Reports have emerged stating that elementary school children in Texas are being provided with Winnie the Pooh books that teach them how to respond in the event of a school shooting.
The book, titled Stay Safe, was distributed in the backpacks of students within the Dallas Independent School District. It offers guidance on actions such as running, hiding, and fighting to protect themselves during an active shooter situation.
It features Winnie the Pooh, the beloved bear from the Hundred Acre Wood, offering advice to children. It encourages them to hide and remain quiet until the police arrive if they perceive danger. One page depicts Pooh peeking out from inside a honey pot, illustrating the concept of hiding without making a sound.
The distribution of the book occurred just a week after the anniversary of a tragic school shooting in Uvalde, Texas, which claimed the lives of 19 students and two teachers.
News about the book went viral after California Democratic Governor Gavin Newsom posted a photo from its pages and tweeted the following criticism:
"Winnie the Pooh is now teaching Texas kids about active shooters because the elected officials do not have the courage to keep our kids safe and pass common sense gun safety laws."
You can see Newsom's tweet below.
You can see the photo Newsom posted below.
Condemnation rained down on Texas GOP legislators as soon as the images circulated on social media.

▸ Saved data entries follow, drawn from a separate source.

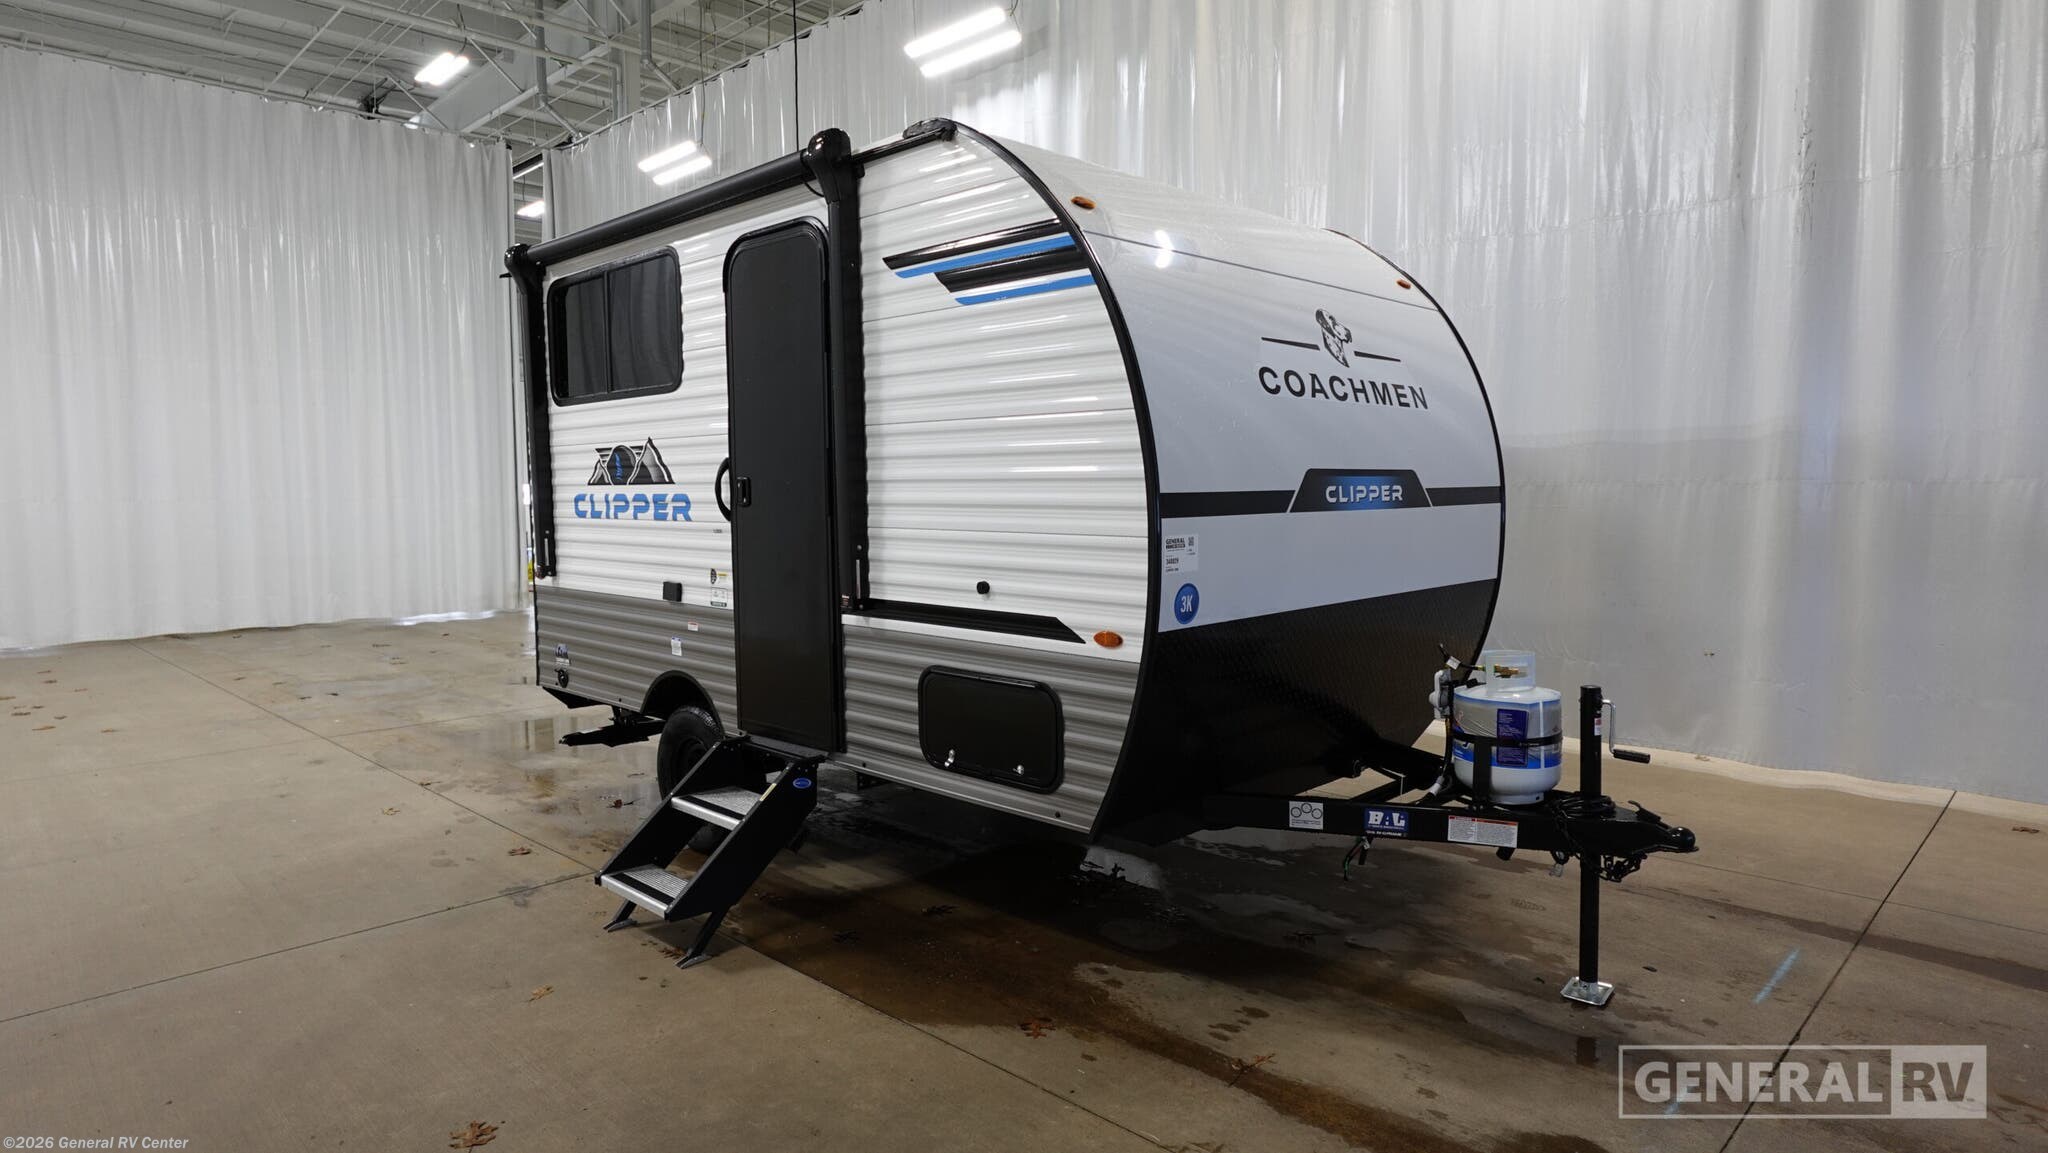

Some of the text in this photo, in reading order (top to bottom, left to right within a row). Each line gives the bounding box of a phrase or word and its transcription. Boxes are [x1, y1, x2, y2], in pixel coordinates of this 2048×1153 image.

[1258, 366, 1428, 410] COACHMEN
[1325, 485, 1403, 503] CLIPPER
[573, 493, 692, 521] CLIPPER
[1180, 595, 1193, 612] 3K
[1368, 810, 1406, 826] BAL

A Dallas elementary school teacher, who chose to remain anonymous, expressed discomfort with the book's contents and disappointment that it was produced instead of taking tangible actions to prevent school shootings.
The Dallas Independent School District has not yet responded to requests for comment regarding the distribution of the book.
The book was produced by Praetorian Consulting, which states on its website that the materials were created in collaboration with schools and police to educate children on remaining safe during dangerous school situations. The "run, hide, fight" advice given in the book aligns with the guidelines provided by the FBI for schools in active shooter scenarios.
The firm's use of Winnie the Pooh and related characters popularized by English author A.A. Milne was made possible because Milne's creations officially entered the public domain on January 1, 2022.